The parsec is the natural output of stellar parallax measurements. When astronomers observe a star's apparent shift against background stars over a six-month baseline (as Earth moves from one side of its orbit to the other), they measure the parallax angle in arcseconds. The distance in parsecs is simply 1 divided by that angle — no intermediate conversion needed. Space missions like Hipparcos and Gaia publish billions of stellar distances directly in parsecs. Light-years are preferred in popular science communication because the concept of the speed of light is widely understood, but parsecs remain dominant in professional literature.

What is the difference between kiloparsecs, megaparsecs, and gigaparsecs?

These are simply metric prefixes applied to the parsec for use at different cosmic scales. One kiloparsec (kpc) equals 1,000 parsecs or about 3,261.6 light-years — useful for describing structures within the Milky Way or satellite galaxies. One megaparsec (Mpc) equals one million parsecs or about 3.26 million light-years — the standard unit for distances between galaxies and galaxy clusters. One gigaparsec (Gpc) equals one billion parsecs or about 3.26 billion light-years — used for cosmological distances, the Hubble constant, and the scale of the observable universe (radius ≈ 14.26 Gpc).

What is the parallax method and how does it relate to parsecs?

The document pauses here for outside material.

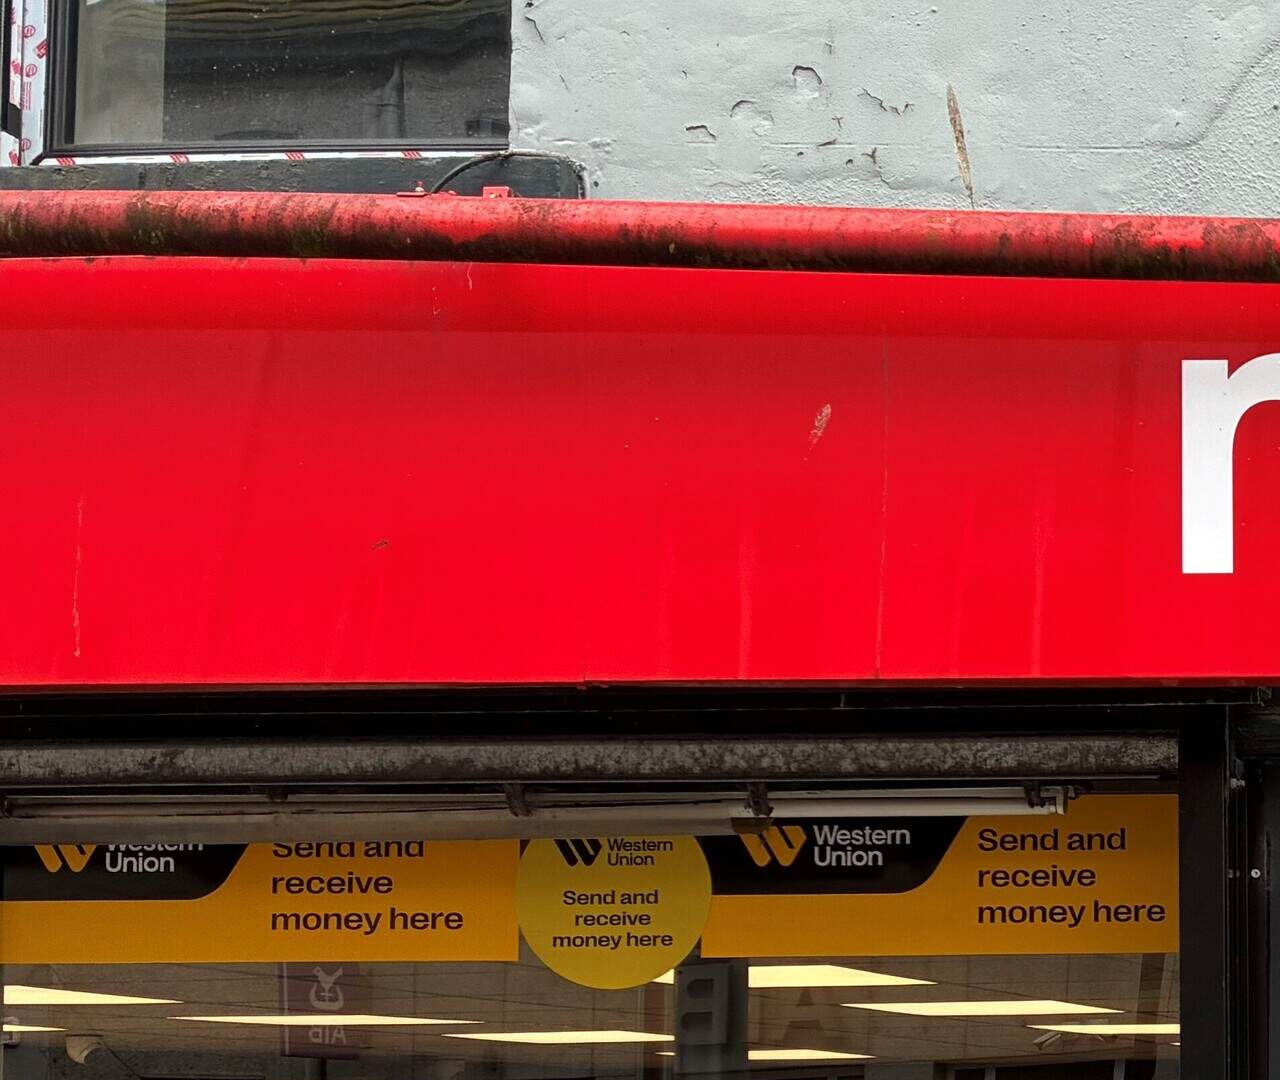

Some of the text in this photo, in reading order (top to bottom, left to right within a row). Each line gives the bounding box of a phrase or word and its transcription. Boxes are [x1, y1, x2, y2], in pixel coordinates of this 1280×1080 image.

Stellar parallax is the apparent shift in a star's position against the background of distant stars, caused by Earth's orbital motion around the Sun. By measuring this shift over six months (when Earth is at opposite ends of its orbit), astronomers can calculate the star's distance using basic trigonometry. If the parallax angle is p arcseconds, the distance is d = 1/p parsecs. This is why one parsec is defined as the distance at which one astronomical unit subtends an angle of exactly one arcsecond: it is the distance that produces a parallax of exactly 1 arcsecond. The method works reliably out to distances of about 10,000 parsecs with modern space-based instruments.

How is light travel time related to distance in light-years?

By definition, a light-year is the distance light travels in exactly one year. This means that light travel time in years equals the distance in light-years — a direct one-to-one relationship. When you look at a star 100 light-years away, you are seeing light that left it 100 years ago. For Proxima Centauri at 4.243 light-years, we see it as it was 4.243 years ago. The Andromeda Galaxy at roughly 2.537 million light-years appears as it was 2.537 million years ago — before modern humans existed. This lookback time is one of the most profound aspects of observational astronomy.

What astronomical unit (AU) represents and when should I use it?

The astronomical unit is defined as exactly 149,597,870.700 kilometers — the mean Earth-Sun distance, fixed precisely by the International Astronomical Union in 2012. It is the fundamental yardstick for solar system measurements: Earth is 1 AU from the Sun, Mars averages 1.52 AU, Jupiter 5.2 AU, and Pluto about 39 AU. The AU is also the baseline for stellar parallax: the half-angle is measured from a baseline of 1 AU. One light-year is about 63,241 AU; one parsec is about 206,265 AU. The AU is most useful for distances within our solar system or for expressing the size of planetary systems around other stars.